### YOUR GOAL
The records beneath should be printed exactly, and the pictures are to be left out.

### DATA SUPPLIED
=======

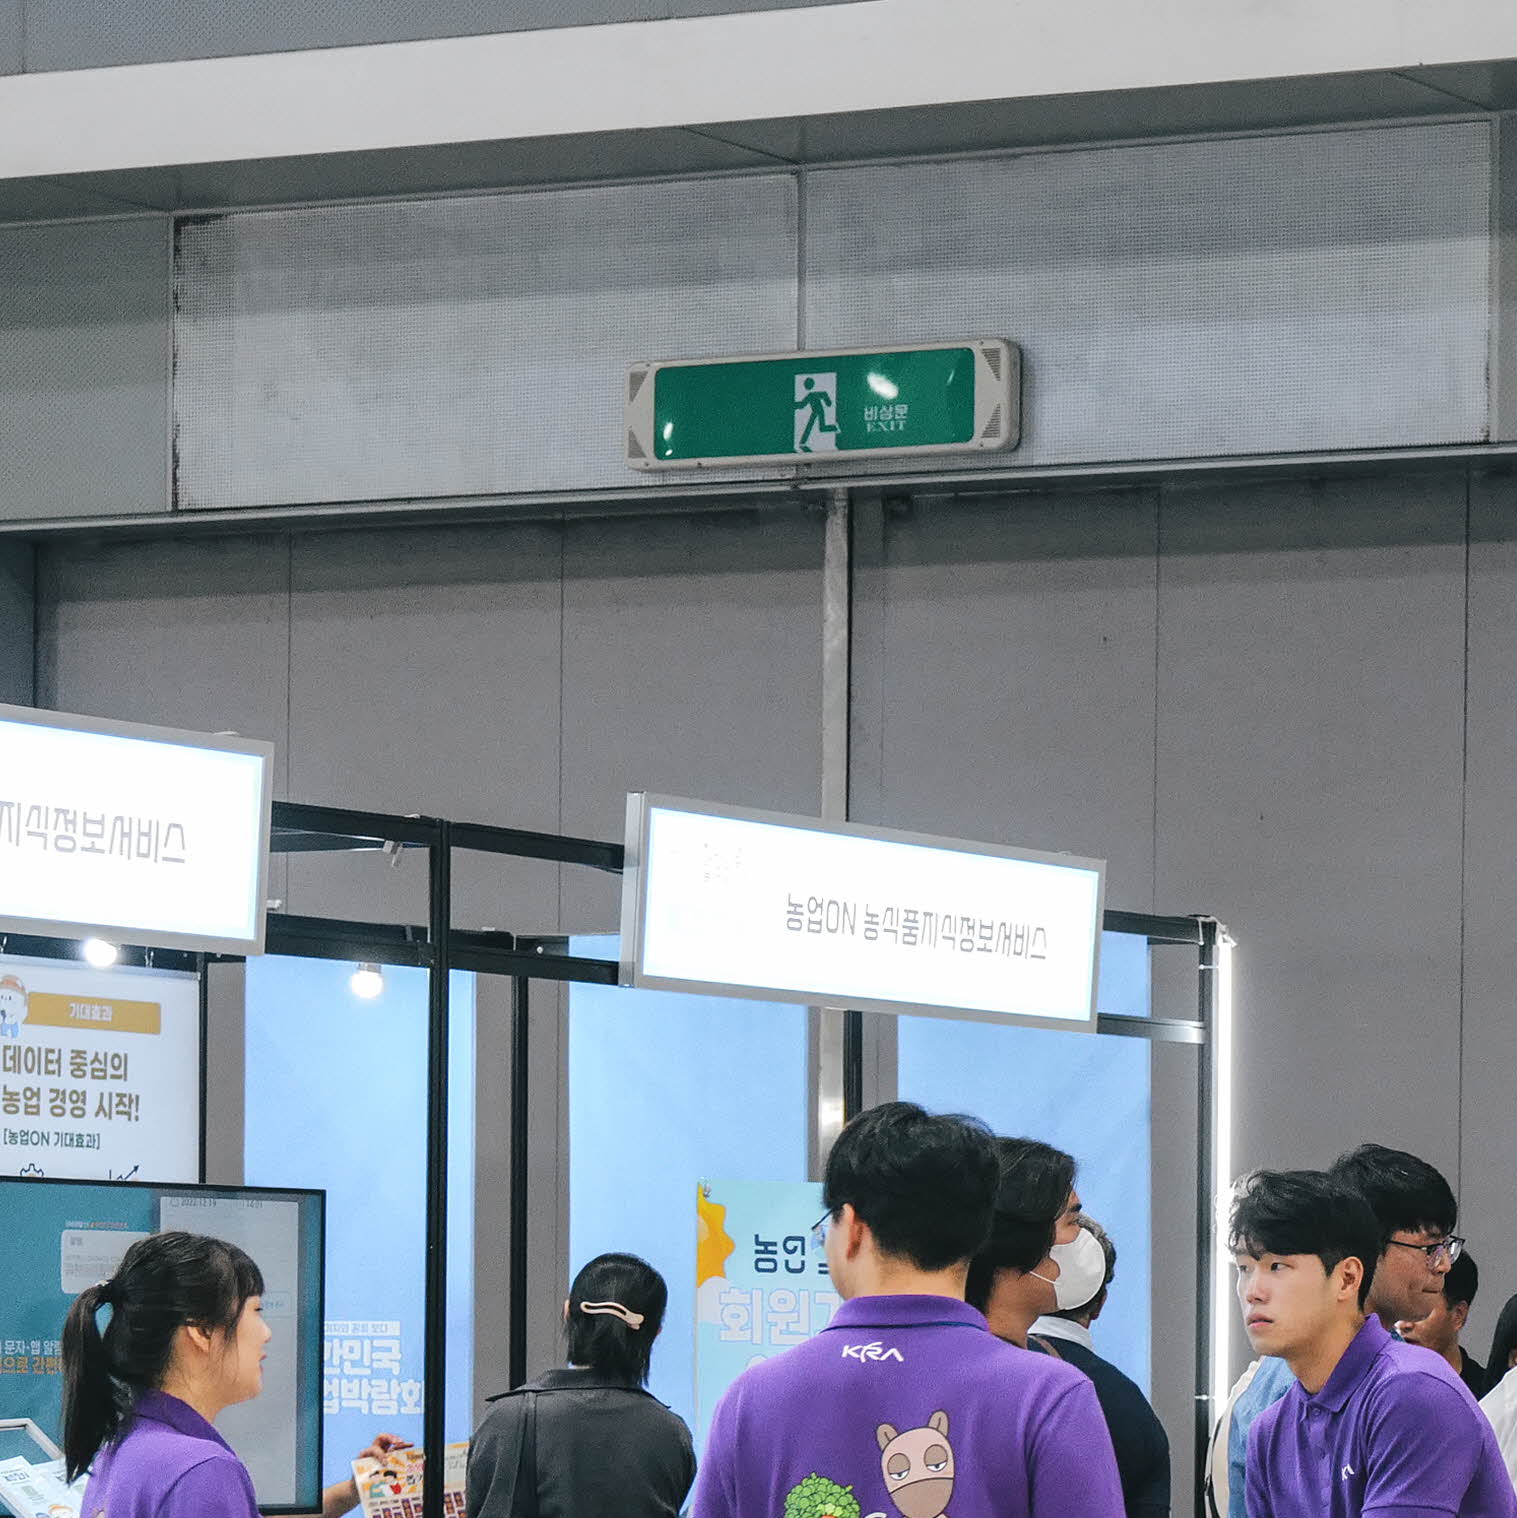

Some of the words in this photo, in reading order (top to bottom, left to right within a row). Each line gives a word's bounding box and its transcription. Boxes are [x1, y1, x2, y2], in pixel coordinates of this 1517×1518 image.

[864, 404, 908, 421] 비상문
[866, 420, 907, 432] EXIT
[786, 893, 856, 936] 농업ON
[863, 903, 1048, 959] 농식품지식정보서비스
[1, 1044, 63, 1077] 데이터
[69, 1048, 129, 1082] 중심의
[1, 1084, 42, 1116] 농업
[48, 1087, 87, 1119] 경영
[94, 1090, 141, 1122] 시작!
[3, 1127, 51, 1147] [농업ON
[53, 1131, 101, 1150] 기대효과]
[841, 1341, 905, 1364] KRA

=======

### REPLY
Some of the words in this photo, in reading order (top to bottom, left to right within a row). Each line gives a word's bounding box and its transcription. Boxes are [x1, y1, x2, y2], in pixel coordinates of this 1517×1518 image.

[864, 404, 908, 421] 비상문
[866, 420, 907, 432] EXIT
[786, 893, 856, 936] 농업ON
[863, 903, 1048, 959] 농식품지식정보서비스
[1, 1044, 63, 1077] 데이터
[69, 1048, 129, 1082] 중심의
[1, 1084, 42, 1116] 농업
[48, 1087, 87, 1119] 경영
[94, 1090, 141, 1122] 시작!
[3, 1127, 51, 1147] [농업ON
[53, 1131, 101, 1150] 기대효과]
[841, 1341, 905, 1364] KRA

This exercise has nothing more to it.